At the invitation of Greg Huff, the Director of the Alaska Council on Economic Education, I was the evening’s guest lecturer at yesterday’s session of this year’s “Economics Spring Forum,” an annual 3 credit course for teachers focusing on economic and financial issues. The Forum is sponsored by the Council in conjunction with UAA’s Center for Economic Education.
Previous lecturers this semester have included Dr. Kyle Hampton (UAA Economics Department), Dr. Terrance Cole (UAF History Department and Director, Office of Public History), Stephan Ribuffo (Anchorage Port Director) and Bill Popp (Anchorage Economic Development Commission).
The invitation arose out of a concern I had expressed on these pages last fall about the nature of the information being rolled out in the Anchorage School District and elsewhere on state fiscal issues (see here, here and here). While hopefully my discussion last evening is not the only counterbalance the District, Council and others involved in the previous exchange have instituted to what I believe was a one-sided approach, I appreciated the opportunity to provide a different perspective on the state’s fiscal issues to those teachers interested enough in the subject to be enrolled in this year’s Forum.

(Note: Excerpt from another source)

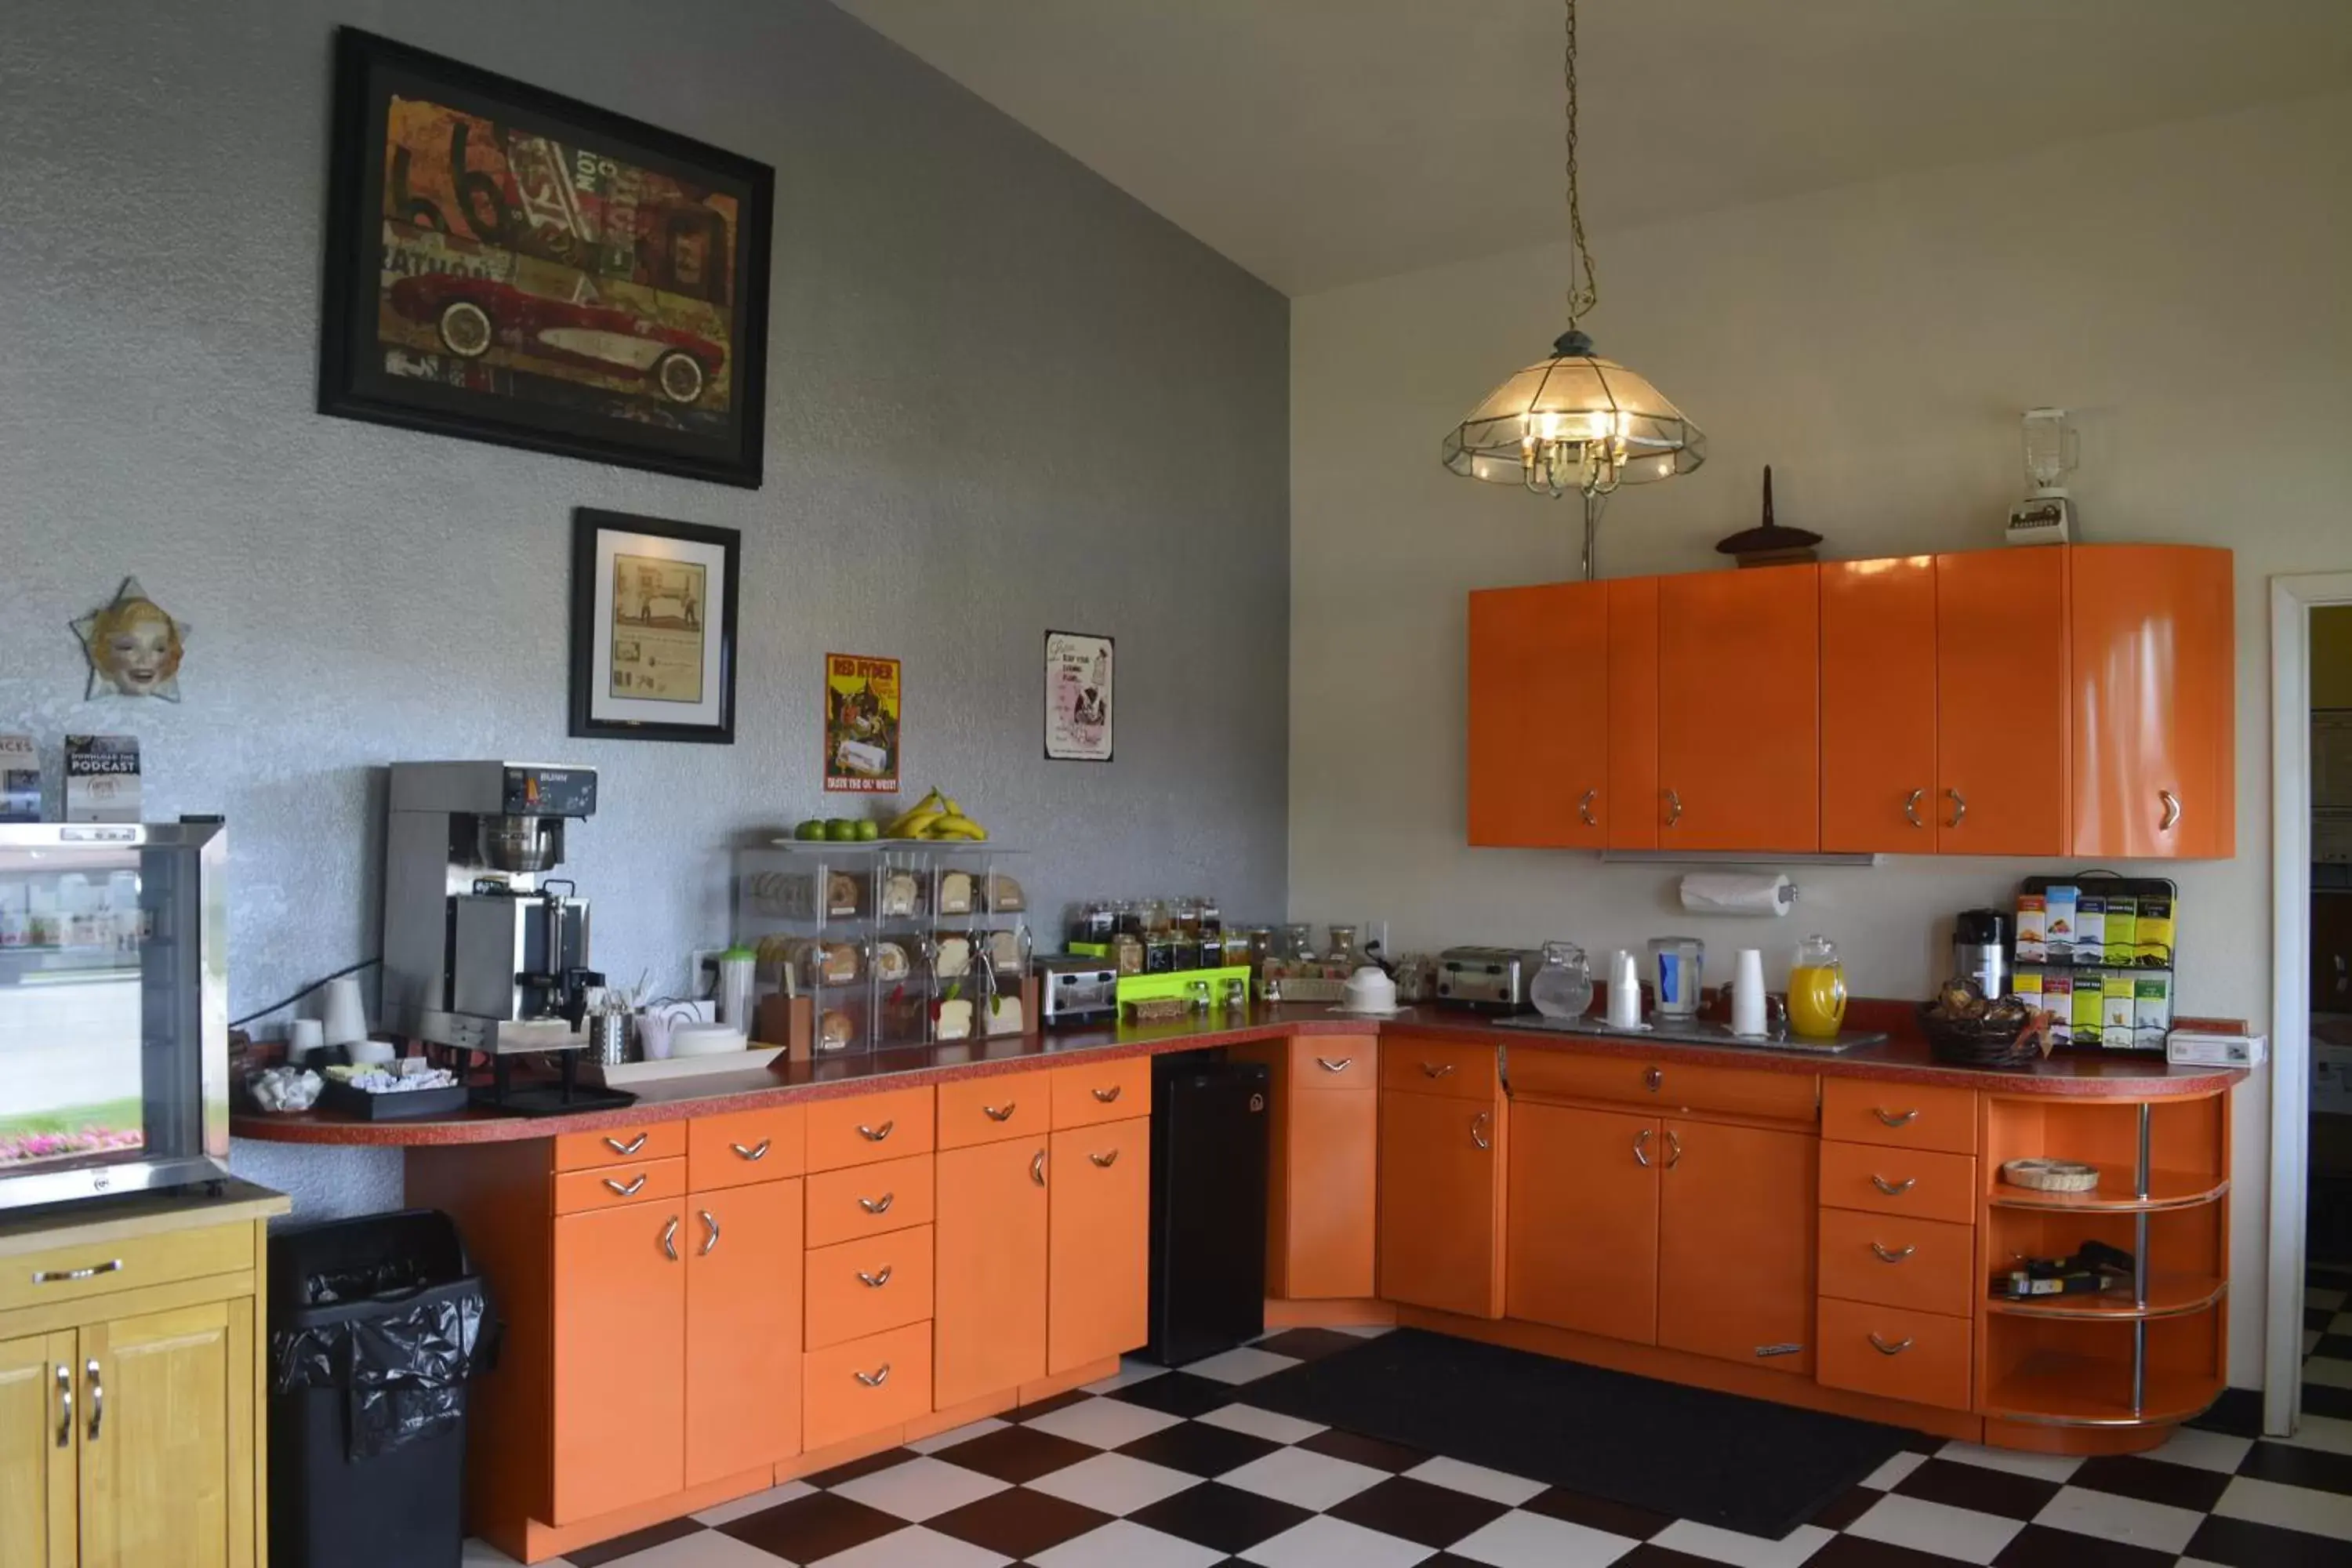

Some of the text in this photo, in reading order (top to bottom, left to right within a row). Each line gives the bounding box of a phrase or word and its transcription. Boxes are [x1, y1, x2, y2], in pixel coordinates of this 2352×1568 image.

I viewed it as my shot to convey my views on a perspective I believe Alaskans — and Alaska students — should be hearing about the state’s current fiscal condition.
While last evening’s presentation largely followed the approach I have used in other, recent presentations elsewhere, the extended format enabled me also to include a module on the interplay between oil price and investment which helps explains the basis for predictions by the International Energy Agency and others that the global economy is likely to transition out of the current low oil price environment by the end of the decade.
As I have noted elsewhere, I have found that, for an oil state, many if not most Alaskans have a surprisingly low level of knowledge about how the industry actually works, which leads, frankly, to very short sited views and policy decisions. For example, when oil prices were above $100 from 2011-2014, some members of the then-Administration and Legislature set spending and program levels on the assumption that they would always be that way, an approach which sowed the seeds of many of the fiscal problems the state faces today. And now that oil prices are low, some members of the current Administration and Legislature are proposing to set spending and state fiscal policy on the assumption that, once again, they will always stay that way, a perspective that threatens to do long term damage to Alaska’s overall economy if translated into the adoption of permanent changes to the “plumbing” of the Permanent Fund and tax levels that some are advocating.
The truth, as it usually does of course in such debates, lies somewhere in the middle, a fact that I hoped I stressed fully (if repeatedly) in last evening’s session.
A copy of the slide deck from last evening’s session is above, and also at the link here.